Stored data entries
= Beginning of Section =
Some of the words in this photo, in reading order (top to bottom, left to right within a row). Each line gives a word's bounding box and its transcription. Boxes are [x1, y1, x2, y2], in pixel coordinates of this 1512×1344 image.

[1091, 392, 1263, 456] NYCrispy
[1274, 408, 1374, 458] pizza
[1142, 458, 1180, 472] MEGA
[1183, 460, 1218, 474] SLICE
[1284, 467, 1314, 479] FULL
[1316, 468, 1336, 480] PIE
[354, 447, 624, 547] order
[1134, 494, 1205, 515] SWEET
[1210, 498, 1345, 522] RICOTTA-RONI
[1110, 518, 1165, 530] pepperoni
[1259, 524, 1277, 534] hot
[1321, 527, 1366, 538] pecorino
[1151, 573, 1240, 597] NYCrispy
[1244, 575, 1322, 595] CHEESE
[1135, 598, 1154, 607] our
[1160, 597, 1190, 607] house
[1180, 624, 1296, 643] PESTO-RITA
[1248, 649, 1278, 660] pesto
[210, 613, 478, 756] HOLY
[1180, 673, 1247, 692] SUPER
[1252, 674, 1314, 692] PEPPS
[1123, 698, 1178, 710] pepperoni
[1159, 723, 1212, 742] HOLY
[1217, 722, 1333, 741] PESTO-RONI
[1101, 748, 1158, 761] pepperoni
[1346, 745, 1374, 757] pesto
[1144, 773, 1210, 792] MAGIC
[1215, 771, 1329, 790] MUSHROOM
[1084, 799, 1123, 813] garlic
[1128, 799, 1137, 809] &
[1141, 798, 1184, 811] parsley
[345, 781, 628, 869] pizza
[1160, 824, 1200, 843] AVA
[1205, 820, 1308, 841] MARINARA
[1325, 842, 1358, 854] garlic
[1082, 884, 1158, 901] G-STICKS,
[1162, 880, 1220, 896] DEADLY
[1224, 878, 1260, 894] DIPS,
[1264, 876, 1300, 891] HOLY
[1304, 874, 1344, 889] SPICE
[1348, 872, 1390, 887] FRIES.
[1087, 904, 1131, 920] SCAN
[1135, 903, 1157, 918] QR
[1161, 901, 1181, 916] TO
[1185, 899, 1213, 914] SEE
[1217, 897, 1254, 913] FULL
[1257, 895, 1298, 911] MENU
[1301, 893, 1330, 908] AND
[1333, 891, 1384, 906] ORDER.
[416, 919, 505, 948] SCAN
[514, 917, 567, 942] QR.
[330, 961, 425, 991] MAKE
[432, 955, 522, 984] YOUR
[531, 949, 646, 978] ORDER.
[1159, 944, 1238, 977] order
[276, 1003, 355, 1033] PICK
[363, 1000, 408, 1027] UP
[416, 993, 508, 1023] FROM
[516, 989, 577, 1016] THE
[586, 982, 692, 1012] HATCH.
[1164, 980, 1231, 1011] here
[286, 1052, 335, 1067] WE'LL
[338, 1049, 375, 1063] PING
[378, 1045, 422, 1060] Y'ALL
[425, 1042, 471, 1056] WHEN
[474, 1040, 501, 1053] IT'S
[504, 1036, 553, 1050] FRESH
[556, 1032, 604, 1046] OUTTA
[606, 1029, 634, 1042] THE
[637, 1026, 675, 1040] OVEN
= End of Section =
Task prompt ▸
When you reach the end of the data above, set it all down again unchanged.

Exercise result ▸
Some of the words in this photo, in reading order (top to bottom, left to right within a row). Each line gives a word's bounding box and its transcription. Boxes are [x1, y1, x2, y2], in pixel coordinates of this 1512×1344 image.

[1091, 392, 1263, 456] NYCrispy
[1274, 408, 1374, 458] pizza
[1142, 458, 1180, 472] MEGA
[1183, 460, 1218, 474] SLICE
[1284, 467, 1314, 479] FULL
[1316, 468, 1336, 480] PIE
[354, 447, 624, 547] order
[1134, 494, 1205, 515] SWEET
[1210, 498, 1345, 522] RICOTTA-RONI
[1110, 518, 1165, 530] pepperoni
[1259, 524, 1277, 534] hot
[1321, 527, 1366, 538] pecorino
[1151, 573, 1240, 597] NYCrispy
[1244, 575, 1322, 595] CHEESE
[1135, 598, 1154, 607] our
[1160, 597, 1190, 607] house
[1180, 624, 1296, 643] PESTO-RITA
[1248, 649, 1278, 660] pesto
[210, 613, 478, 756] HOLY
[1180, 673, 1247, 692] SUPER
[1252, 674, 1314, 692] PEPPS
[1123, 698, 1178, 710] pepperoni
[1159, 723, 1212, 742] HOLY
[1217, 722, 1333, 741] PESTO-RONI
[1101, 748, 1158, 761] pepperoni
[1346, 745, 1374, 757] pesto
[1144, 773, 1210, 792] MAGIC
[1215, 771, 1329, 790] MUSHROOM
[1084, 799, 1123, 813] garlic
[1128, 799, 1137, 809] &
[1141, 798, 1184, 811] parsley
[345, 781, 628, 869] pizza
[1160, 824, 1200, 843] AVA
[1205, 820, 1308, 841] MARINARA
[1325, 842, 1358, 854] garlic
[1082, 884, 1158, 901] G-STICKS,
[1162, 880, 1220, 896] DEADLY
[1224, 878, 1260, 894] DIPS,
[1264, 876, 1300, 891] HOLY
[1304, 874, 1344, 889] SPICE
[1348, 872, 1390, 887] FRIES.
[1087, 904, 1131, 920] SCAN
[1135, 903, 1157, 918] QR
[1161, 901, 1181, 916] TO
[1185, 899, 1213, 914] SEE
[1217, 897, 1254, 913] FULL
[1257, 895, 1298, 911] MENU
[1301, 893, 1330, 908] AND
[1333, 891, 1384, 906] ORDER.
[416, 919, 505, 948] SCAN
[514, 917, 567, 942] QR.
[330, 961, 425, 991] MAKE
[432, 955, 522, 984] YOUR
[531, 949, 646, 978] ORDER.
[1159, 944, 1238, 977] order
[276, 1003, 355, 1033] PICK
[363, 1000, 408, 1027] UP
[416, 993, 508, 1023] FROM
[516, 989, 577, 1016] THE
[586, 982, 692, 1012] HATCH.
[1164, 980, 1231, 1011] here
[286, 1052, 335, 1067] WE'LL
[338, 1049, 375, 1063] PING
[378, 1045, 422, 1060] Y'ALL
[425, 1042, 471, 1056] WHEN
[474, 1040, 501, 1053] IT'S
[504, 1036, 553, 1050] FRESH
[556, 1032, 604, 1046] OUTTA
[606, 1029, 634, 1042] THE
[637, 1026, 675, 1040] OVEN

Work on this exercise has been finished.